* _Exercise instructions_
Could you copy all of the records below exactly as they appear?

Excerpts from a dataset
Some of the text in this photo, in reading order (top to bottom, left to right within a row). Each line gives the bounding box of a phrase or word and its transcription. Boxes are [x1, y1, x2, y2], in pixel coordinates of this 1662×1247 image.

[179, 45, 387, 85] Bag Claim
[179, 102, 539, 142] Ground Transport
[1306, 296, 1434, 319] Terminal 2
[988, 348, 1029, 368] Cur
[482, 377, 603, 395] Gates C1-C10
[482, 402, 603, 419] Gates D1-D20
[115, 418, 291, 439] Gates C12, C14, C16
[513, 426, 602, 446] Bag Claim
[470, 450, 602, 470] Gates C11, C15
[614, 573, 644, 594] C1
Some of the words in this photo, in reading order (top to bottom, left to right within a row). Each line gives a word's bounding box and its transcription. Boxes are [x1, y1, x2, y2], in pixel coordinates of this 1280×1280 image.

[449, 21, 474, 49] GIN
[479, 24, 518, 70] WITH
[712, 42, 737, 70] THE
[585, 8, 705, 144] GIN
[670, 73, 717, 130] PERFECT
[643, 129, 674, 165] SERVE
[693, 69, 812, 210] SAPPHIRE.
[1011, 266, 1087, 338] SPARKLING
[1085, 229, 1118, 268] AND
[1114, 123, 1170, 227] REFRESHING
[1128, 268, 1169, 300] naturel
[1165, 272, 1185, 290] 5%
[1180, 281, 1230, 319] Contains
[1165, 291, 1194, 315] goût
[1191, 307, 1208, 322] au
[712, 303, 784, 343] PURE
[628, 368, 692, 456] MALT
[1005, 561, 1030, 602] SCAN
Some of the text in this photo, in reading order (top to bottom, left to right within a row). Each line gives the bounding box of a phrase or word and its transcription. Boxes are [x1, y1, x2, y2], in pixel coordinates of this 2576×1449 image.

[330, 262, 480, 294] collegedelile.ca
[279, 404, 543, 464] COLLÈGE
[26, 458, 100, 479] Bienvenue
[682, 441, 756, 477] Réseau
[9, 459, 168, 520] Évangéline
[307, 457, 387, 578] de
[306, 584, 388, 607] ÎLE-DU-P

* _Answer_
Some of the text in this photo, in reading order (top to bottom, left to right within a row). Each line gives the bounding box of a phrase or word and its transcription. Boxes are [x1, y1, x2, y2], in pixel coordinates of this 1662×1247 image.

[179, 45, 387, 85] Bag Claim
[179, 102, 539, 142] Ground Transport
[1306, 296, 1434, 319] Terminal 2
[988, 348, 1029, 368] Cur
[482, 377, 603, 395] Gates C1-C10
[482, 402, 603, 419] Gates D1-D20
[115, 418, 291, 439] Gates C12, C14, C16
[513, 426, 602, 446] Bag Claim
[470, 450, 602, 470] Gates C11, C15
[614, 573, 644, 594] C1
Some of the words in this photo, in reading order (top to bottom, left to right within a row). Each line gives a word's bounding box and its transcription. Boxes are [x1, y1, x2, y2], in pixel coordinates of this 1280×1280 image.

[449, 21, 474, 49] GIN
[479, 24, 518, 70] WITH
[712, 42, 737, 70] THE
[585, 8, 705, 144] GIN
[670, 73, 717, 130] PERFECT
[643, 129, 674, 165] SERVE
[693, 69, 812, 210] SAPPHIRE.
[1011, 266, 1087, 338] SPARKLING
[1085, 229, 1118, 268] AND
[1114, 123, 1170, 227] REFRESHING
[1128, 268, 1169, 300] naturel
[1165, 272, 1185, 290] 5%
[1180, 281, 1230, 319] Contains
[1165, 291, 1194, 315] goût
[1191, 307, 1208, 322] au
[712, 303, 784, 343] PURE
[628, 368, 692, 456] MALT
[1005, 561, 1030, 602] SCAN
Some of the text in this photo, in reading order (top to bottom, left to right within a row). Each line gives the bounding box of a phrase or word and its transcription. Boxes are [x1, y1, x2, y2], in pixel coordinates of this 2576×1449 image.

[330, 262, 480, 294] collegedelile.ca
[279, 404, 543, 464] COLLÈGE
[26, 458, 100, 479] Bienvenue
[682, 441, 756, 477] Réseau
[9, 459, 168, 520] Évangéline
[307, 457, 387, 578] de
[306, 584, 388, 607] ÎLE-DU-P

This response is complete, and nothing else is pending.